About this exercise: Pictures must be dropped from the copy of the entries below; all else is returned exactly.

(Recorded data)
▼

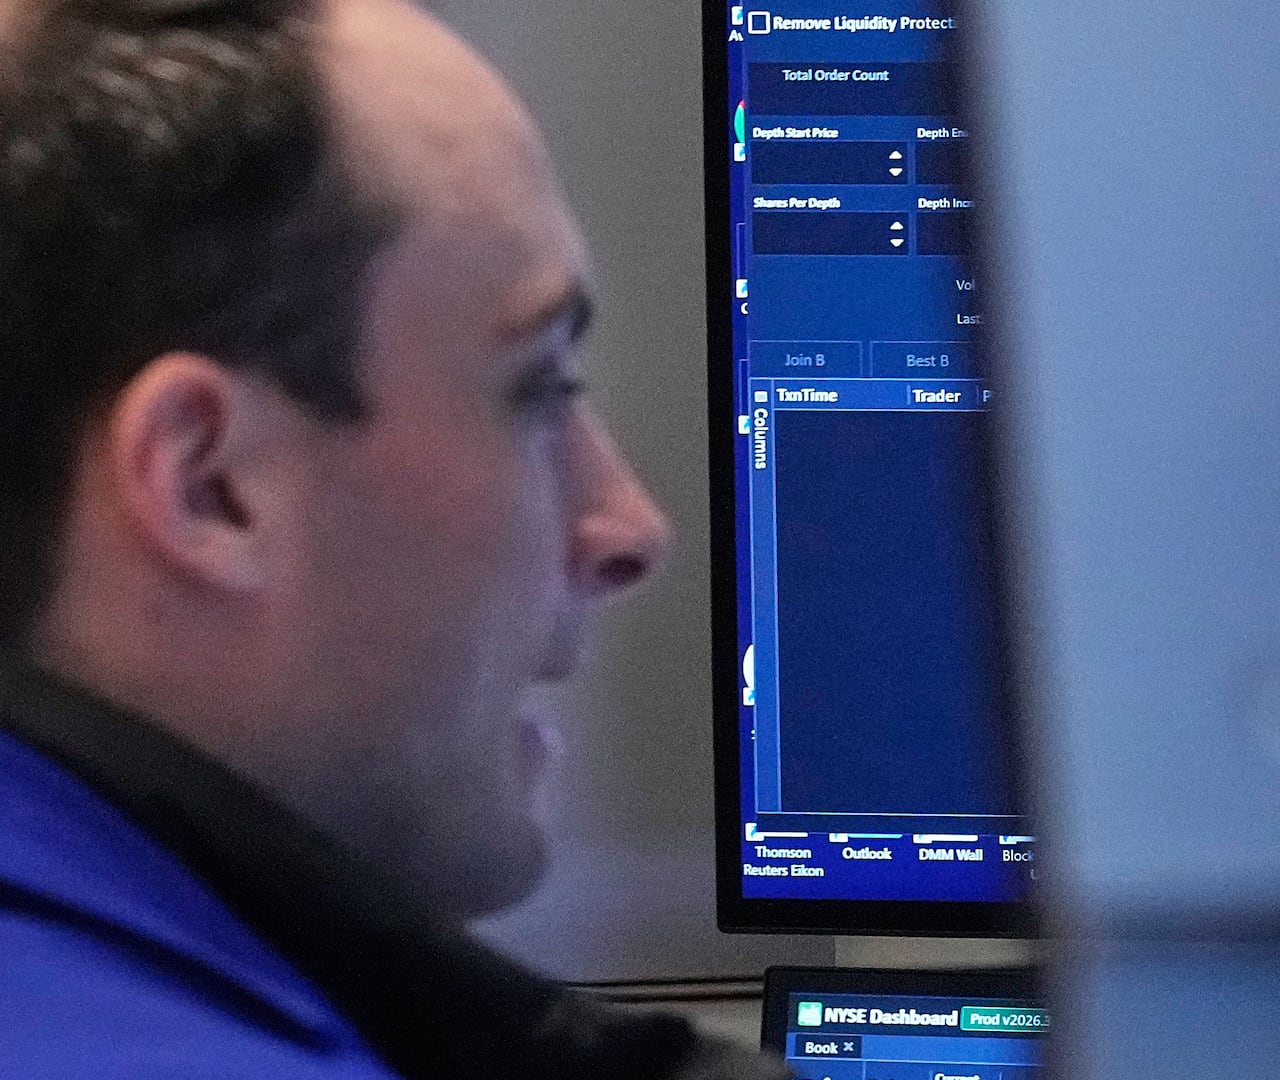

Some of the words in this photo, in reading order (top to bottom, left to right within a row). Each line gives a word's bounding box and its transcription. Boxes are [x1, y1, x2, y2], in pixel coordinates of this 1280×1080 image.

[773, 16, 831, 31] Remove
[834, 16, 897, 33] Liquidity
[782, 70, 812, 82] Total
[815, 70, 849, 82] Order
[852, 70, 889, 82] Count
[752, 128, 784, 141] Depth
[785, 128, 811, 139] Start
[812, 128, 839, 139] Price
[917, 128, 949, 140] Depth
[753, 197, 788, 209] Shares
[789, 197, 807, 209] Per
[808, 197, 841, 210] Depth
[917, 198, 950, 210] Depth
[785, 353, 812, 367] Join
[816, 354, 825, 366] B
[907, 354, 936, 368] Best
[940, 355, 950, 367] B
[776, 388, 838, 403] TxnTime
[912, 389, 961, 403] Trader
[753, 408, 768, 470] Columns
[754, 846, 812, 859] Thomson
[842, 847, 892, 860] Outlook
[919, 848, 954, 861] DMM
[956, 848, 984, 861] Wall
[743, 864, 788, 877] Reuters
[790, 865, 824, 877] Eikon
[824, 1007, 867, 1023] NYSE
[869, 1008, 959, 1026] Dashboard
[970, 1013, 1000, 1025] Prod
[805, 1040, 838, 1054] Book
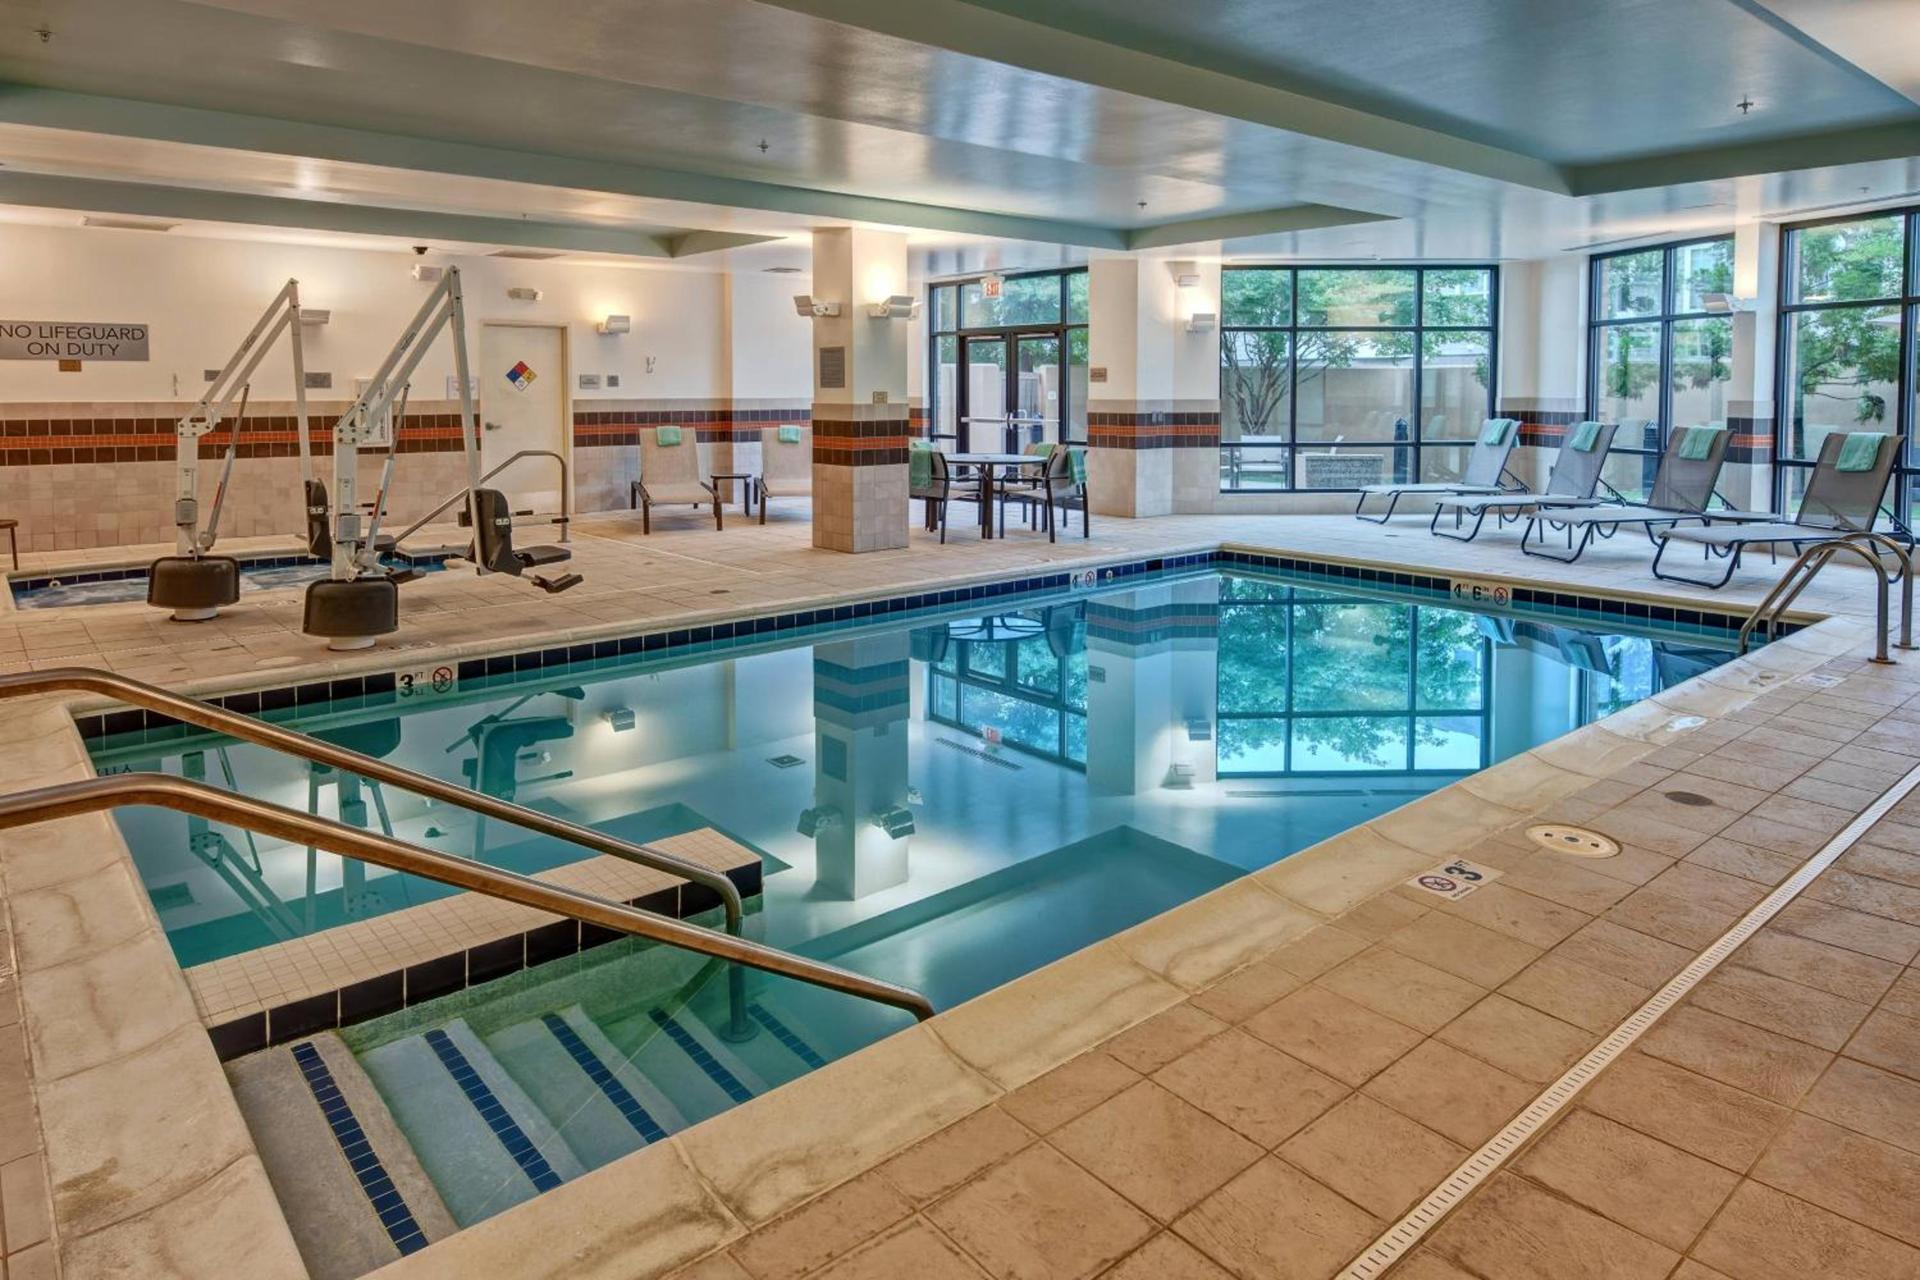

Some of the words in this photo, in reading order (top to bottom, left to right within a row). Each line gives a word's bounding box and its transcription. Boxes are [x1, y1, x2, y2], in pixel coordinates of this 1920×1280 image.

▲

Result for this task:
Some of the words in this photo, in reading order (top to bottom, left to right within a row). Each line gives a word's bounding box and its transcription. Boxes are [x1, y1, x2, y2], in pixel coordinates of this 1280×1080 image.

[773, 16, 831, 31] Remove
[834, 16, 897, 33] Liquidity
[782, 70, 812, 82] Total
[815, 70, 849, 82] Order
[852, 70, 889, 82] Count
[752, 128, 784, 141] Depth
[785, 128, 811, 139] Start
[812, 128, 839, 139] Price
[917, 128, 949, 140] Depth
[753, 197, 788, 209] Shares
[789, 197, 807, 209] Per
[808, 197, 841, 210] Depth
[917, 198, 950, 210] Depth
[785, 353, 812, 367] Join
[816, 354, 825, 366] B
[907, 354, 936, 368] Best
[940, 355, 950, 367] B
[776, 388, 838, 403] TxnTime
[912, 389, 961, 403] Trader
[753, 408, 768, 470] Columns
[754, 846, 812, 859] Thomson
[842, 847, 892, 860] Outlook
[919, 848, 954, 861] DMM
[956, 848, 984, 861] Wall
[743, 864, 788, 877] Reuters
[790, 865, 824, 877] Eikon
[824, 1007, 867, 1023] NYSE
[869, 1008, 959, 1026] Dashboard
[970, 1013, 1000, 1025] Prod
[805, 1040, 838, 1054] Book

Some of the words in this photo, in reading order (top to bottom, left to right within a row). Each line gives a word's bounding box and its transcription. Boxes are [x1, y1, x2, y2], in pixel coordinates of this 1920×1280 image.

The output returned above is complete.